BEGIN

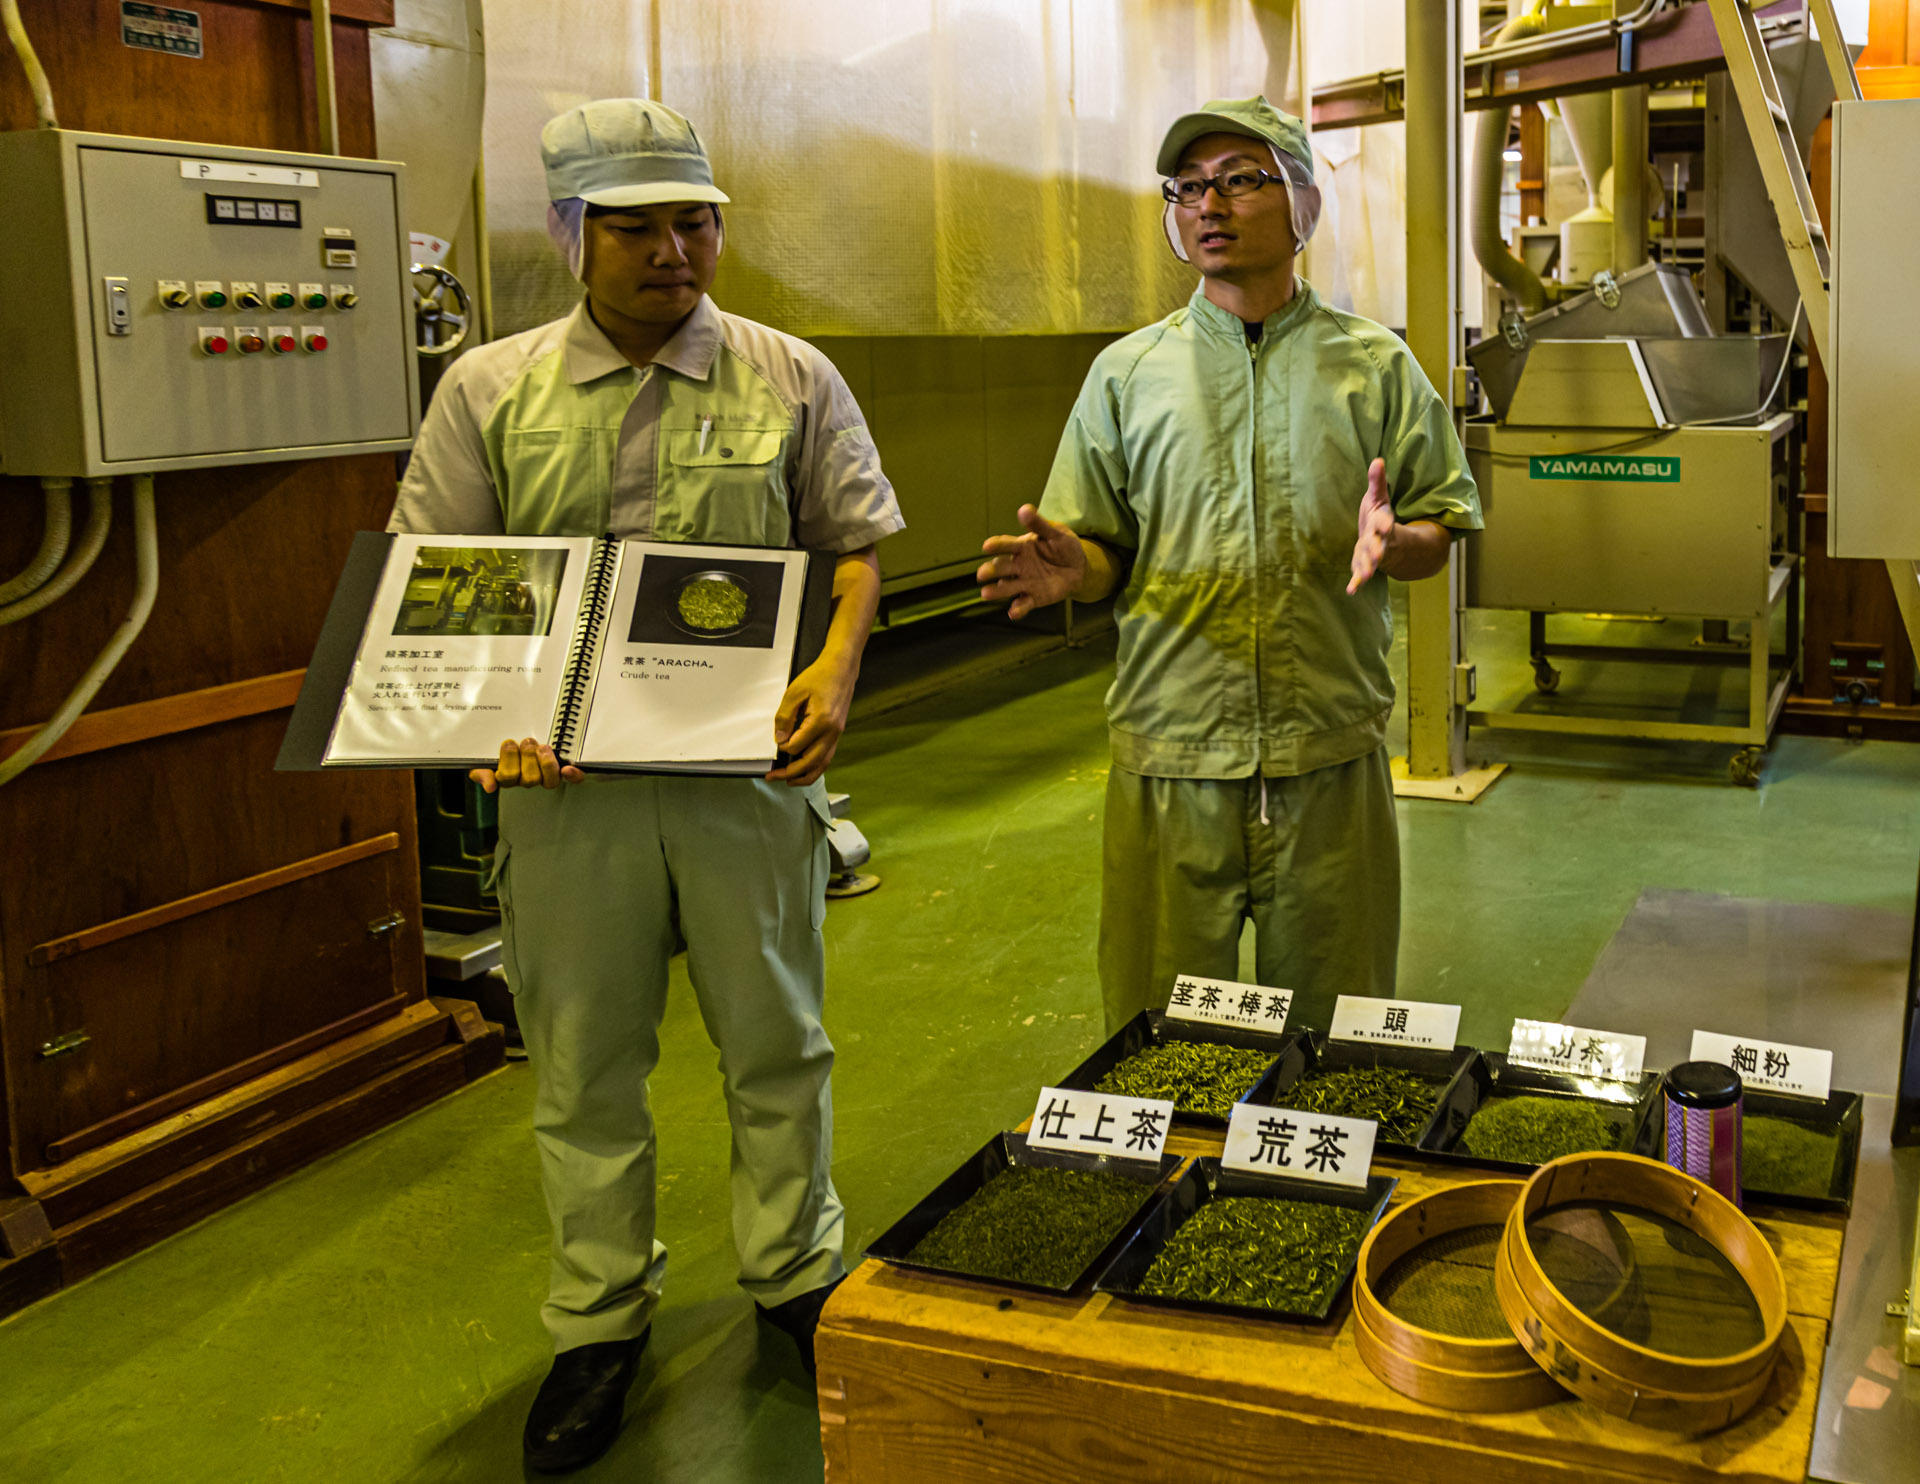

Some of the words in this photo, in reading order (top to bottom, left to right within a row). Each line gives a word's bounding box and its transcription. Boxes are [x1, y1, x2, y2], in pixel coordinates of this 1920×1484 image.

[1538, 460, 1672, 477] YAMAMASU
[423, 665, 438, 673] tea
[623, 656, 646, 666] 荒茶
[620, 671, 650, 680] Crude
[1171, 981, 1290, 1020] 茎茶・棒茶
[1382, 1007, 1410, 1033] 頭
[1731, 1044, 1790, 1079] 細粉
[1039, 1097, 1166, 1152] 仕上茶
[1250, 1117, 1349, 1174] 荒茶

END

**WHAT TO WORK ON:**
Set every record down verbatim. No pictures belong in the copy.

**RESULT OF THE TASK:**
Some of the words in this photo, in reading order (top to bottom, left to right within a row). Each line gives a word's bounding box and its transcription. Boxes are [x1, y1, x2, y2], in pixel coordinates of this 1920×1484 image.

[1538, 460, 1672, 477] YAMAMASU
[423, 665, 438, 673] tea
[623, 656, 646, 666] 荒茶
[620, 671, 650, 680] Crude
[1171, 981, 1290, 1020] 茎茶・棒茶
[1382, 1007, 1410, 1033] 頭
[1731, 1044, 1790, 1079] 細粉
[1039, 1097, 1166, 1152] 仕上茶
[1250, 1117, 1349, 1174] 荒茶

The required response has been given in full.